__Work instructions__. Images are to be left out; everything else in the records gets copied exactly.

__The records__.
════════════════

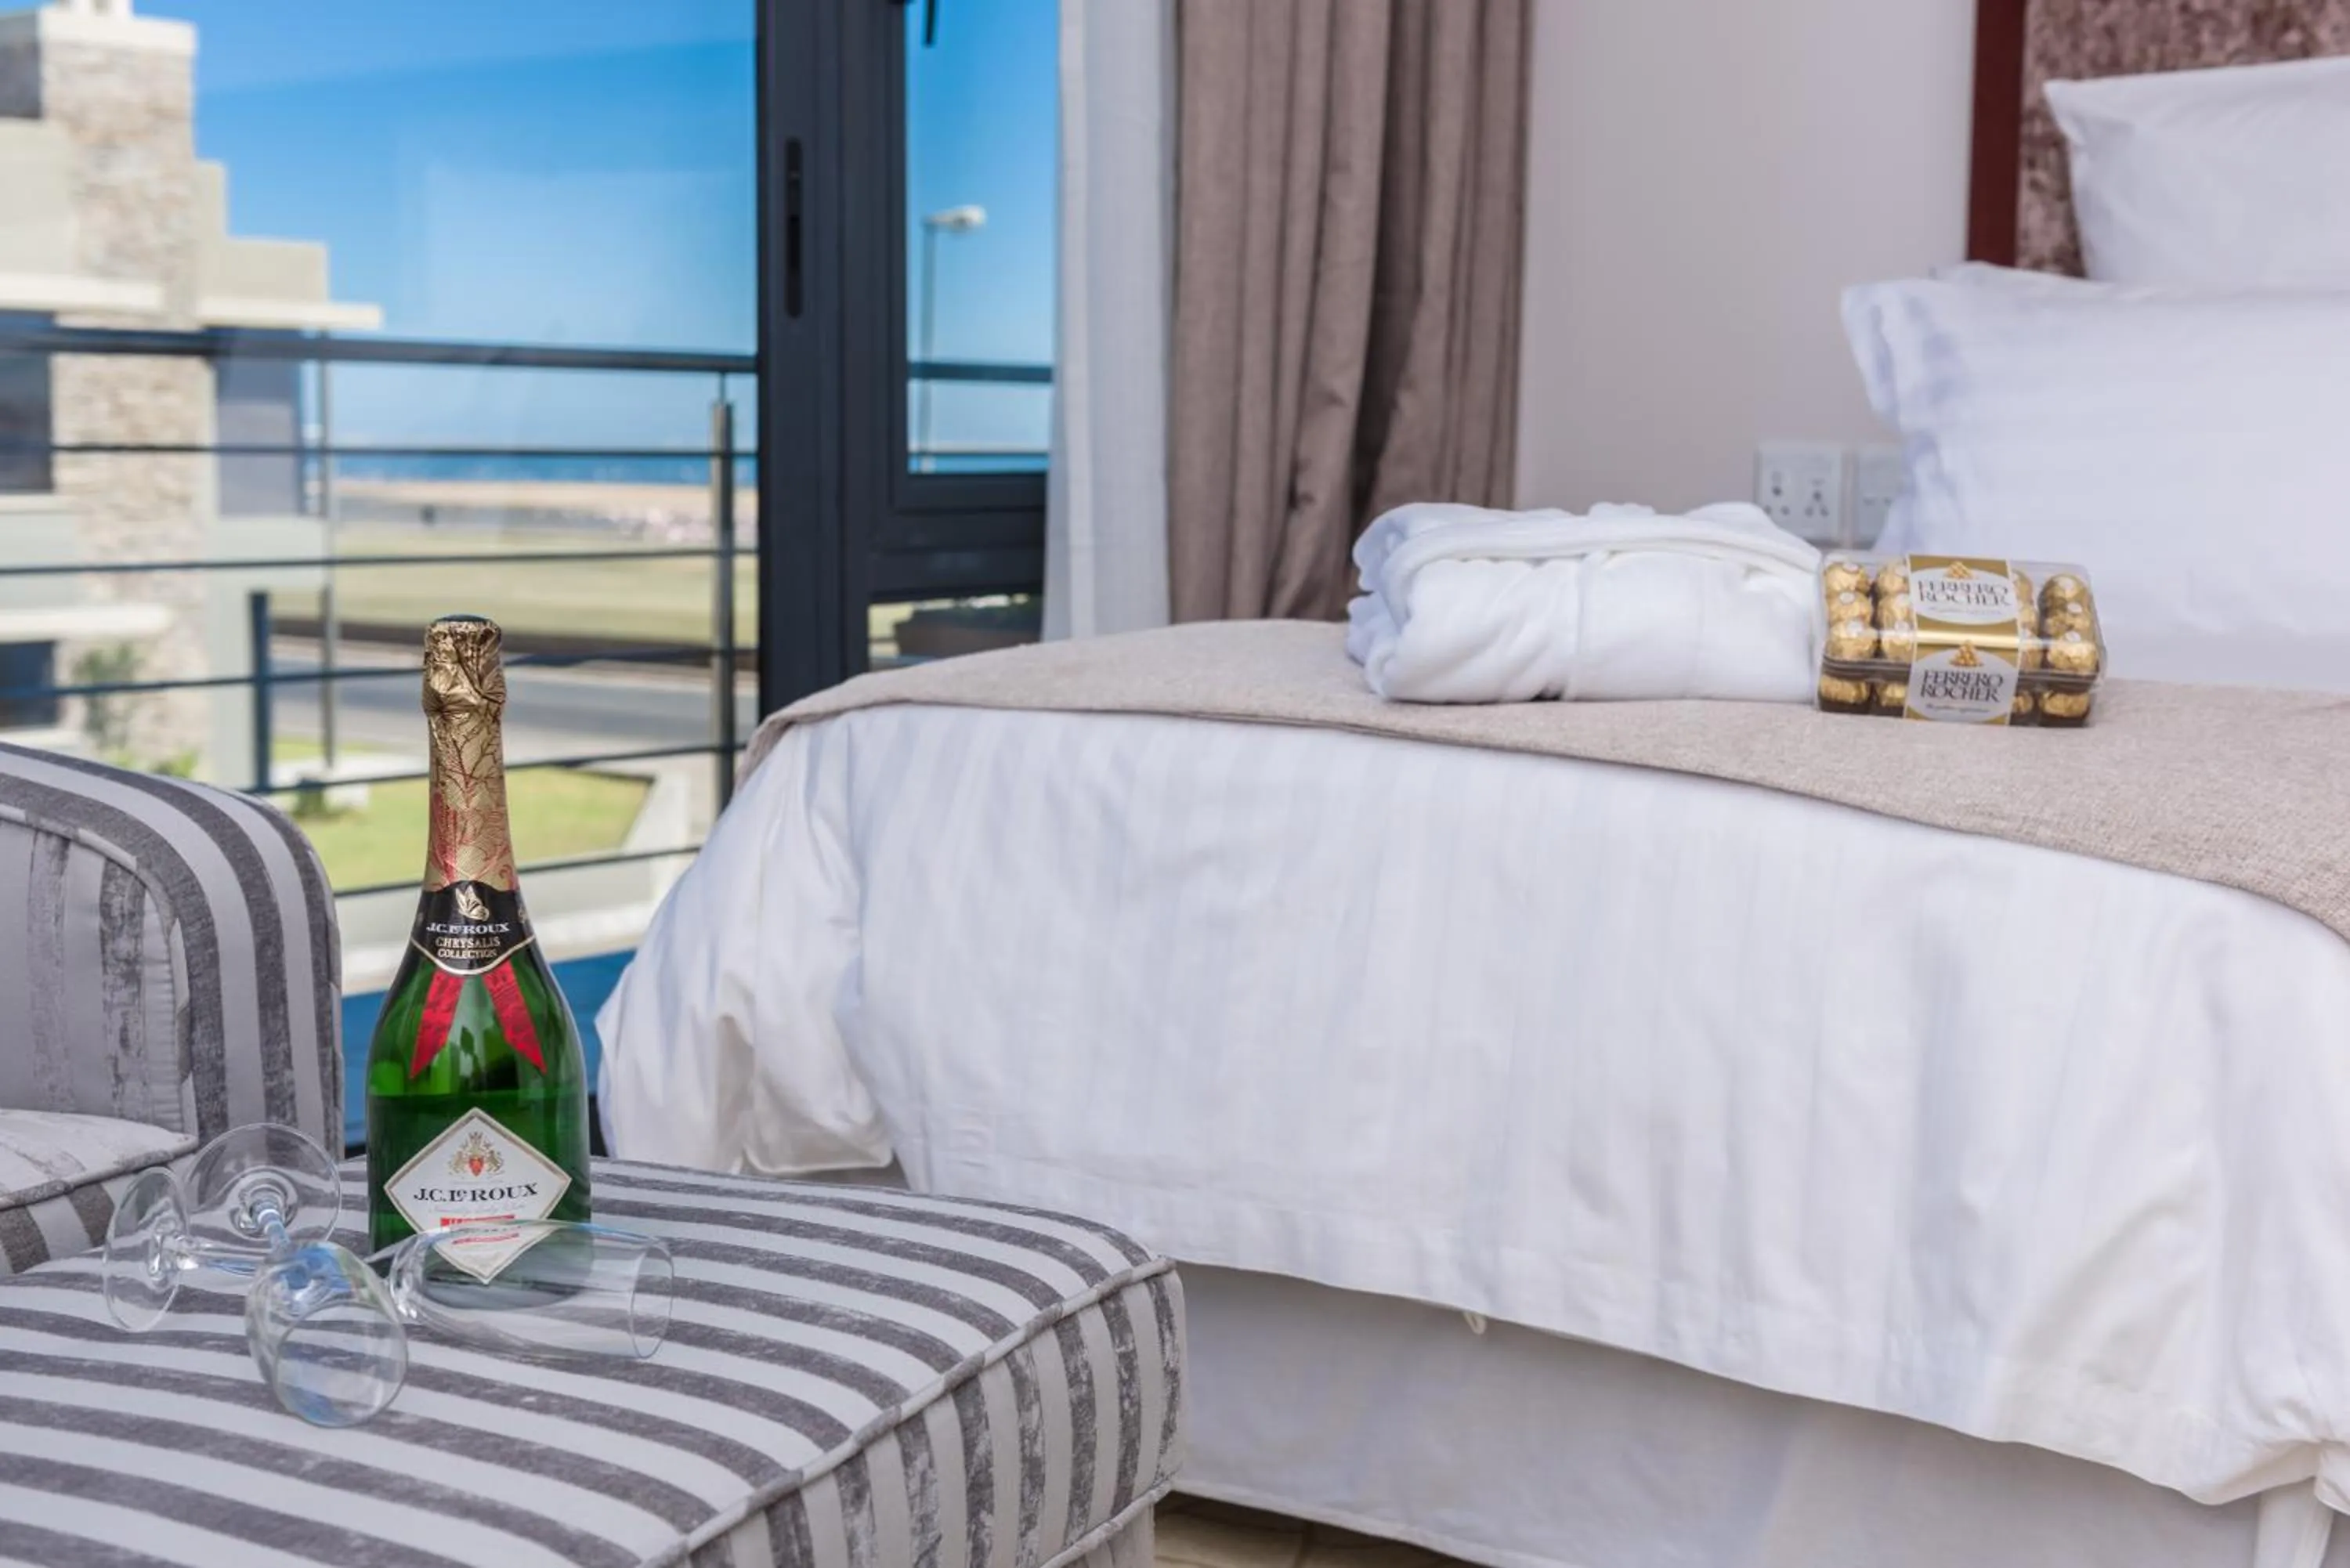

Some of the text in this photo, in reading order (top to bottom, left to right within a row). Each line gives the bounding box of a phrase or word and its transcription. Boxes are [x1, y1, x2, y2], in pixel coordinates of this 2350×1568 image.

[1918, 580, 2008, 595] FERRERO
[1918, 591, 2011, 605] ROCHER
[1922, 670, 2004, 688] FERRERO
[1920, 684, 2001, 703] ROCHER
[463, 923, 510, 934] ROUX
[435, 936, 501, 948] CHRYSALIS
[436, 948, 497, 959] COLLECTION
[470, 1183, 538, 1201] ROUX
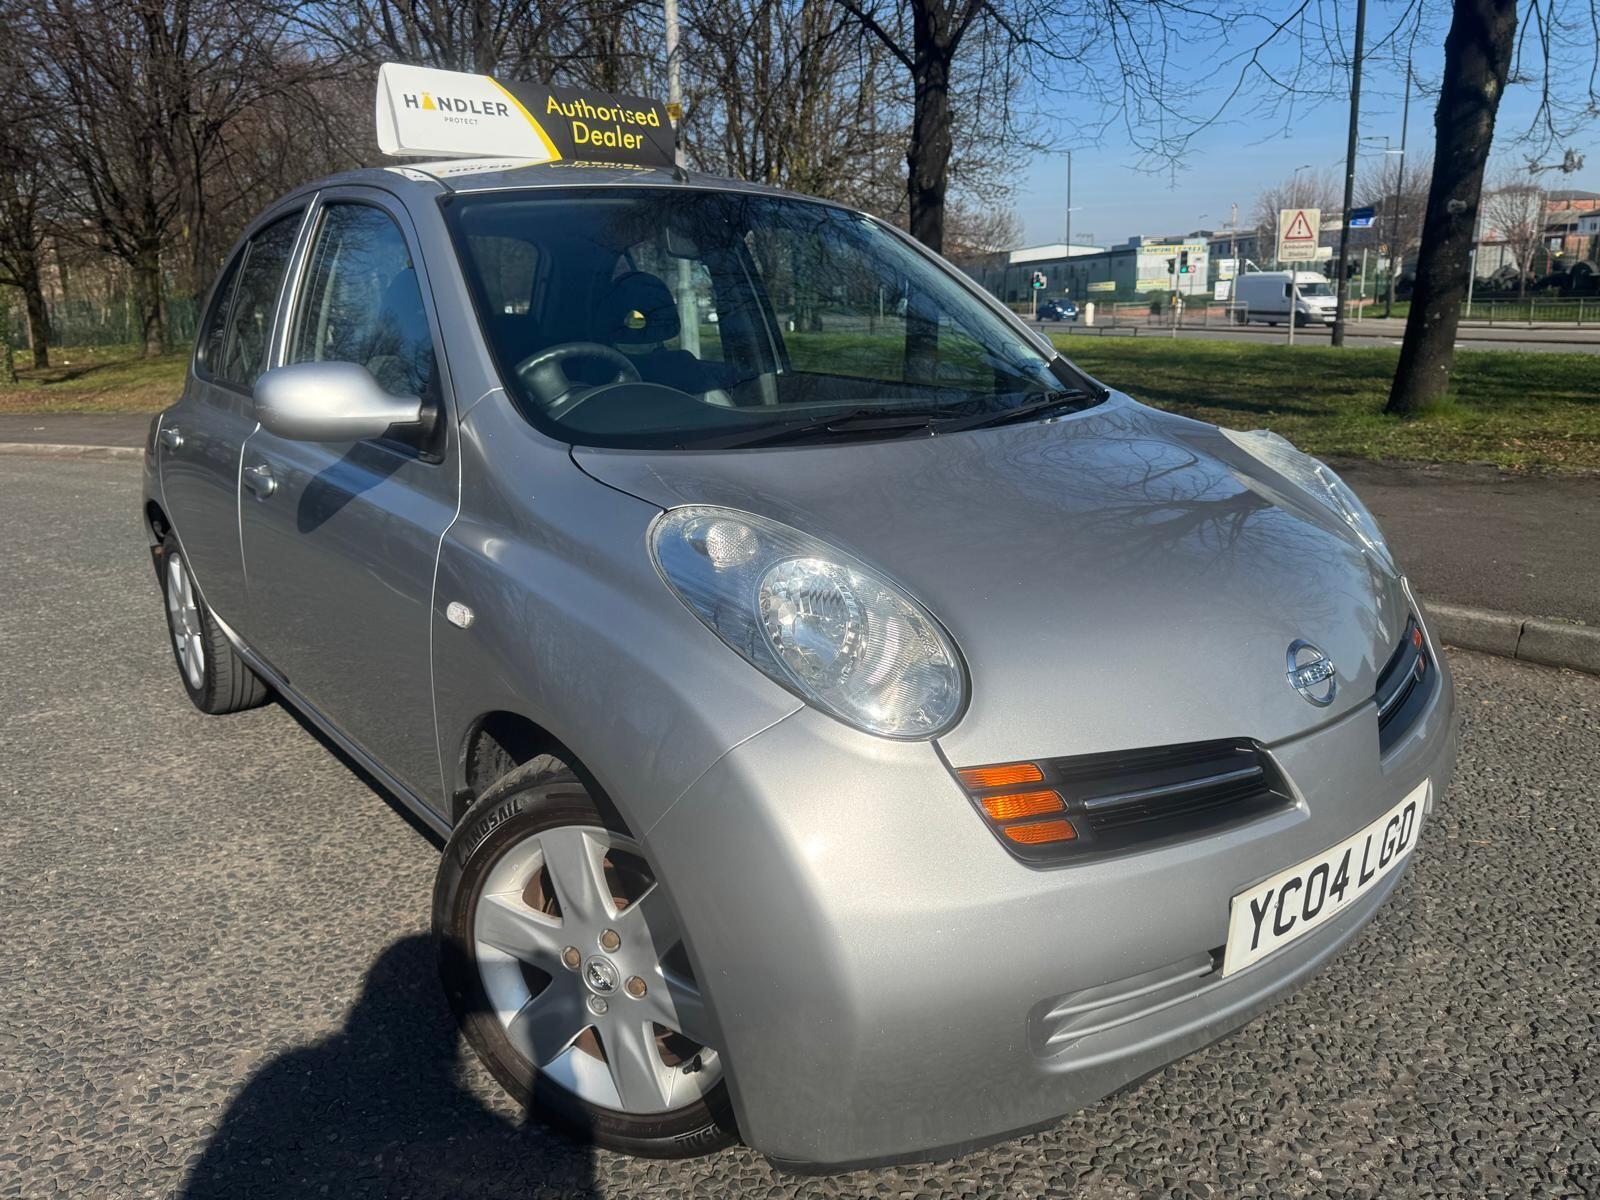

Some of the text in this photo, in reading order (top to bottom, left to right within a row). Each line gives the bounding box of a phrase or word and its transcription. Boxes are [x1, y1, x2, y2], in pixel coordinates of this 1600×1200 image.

════════════════

__Result__.
Some of the text in this photo, in reading order (top to bottom, left to right within a row). Each line gives the bounding box of a phrase or word and its transcription. Boxes are [x1, y1, x2, y2], in pixel coordinates of this 2350×1568 image.

[1918, 580, 2008, 595] FERRERO
[1918, 591, 2011, 605] ROCHER
[1922, 670, 2004, 688] FERRERO
[1920, 684, 2001, 703] ROCHER
[463, 923, 510, 934] ROUX
[435, 936, 501, 948] CHRYSALIS
[436, 948, 497, 959] COLLECTION
[470, 1183, 538, 1201] ROUX

Some of the text in this photo, in reading order (top to bottom, left to right within a row). Each line gives the bounding box of a phrase or word and its transcription. Boxes are [x1, y1, x2, y2], in pixel coordinates of this 1600×1200 image.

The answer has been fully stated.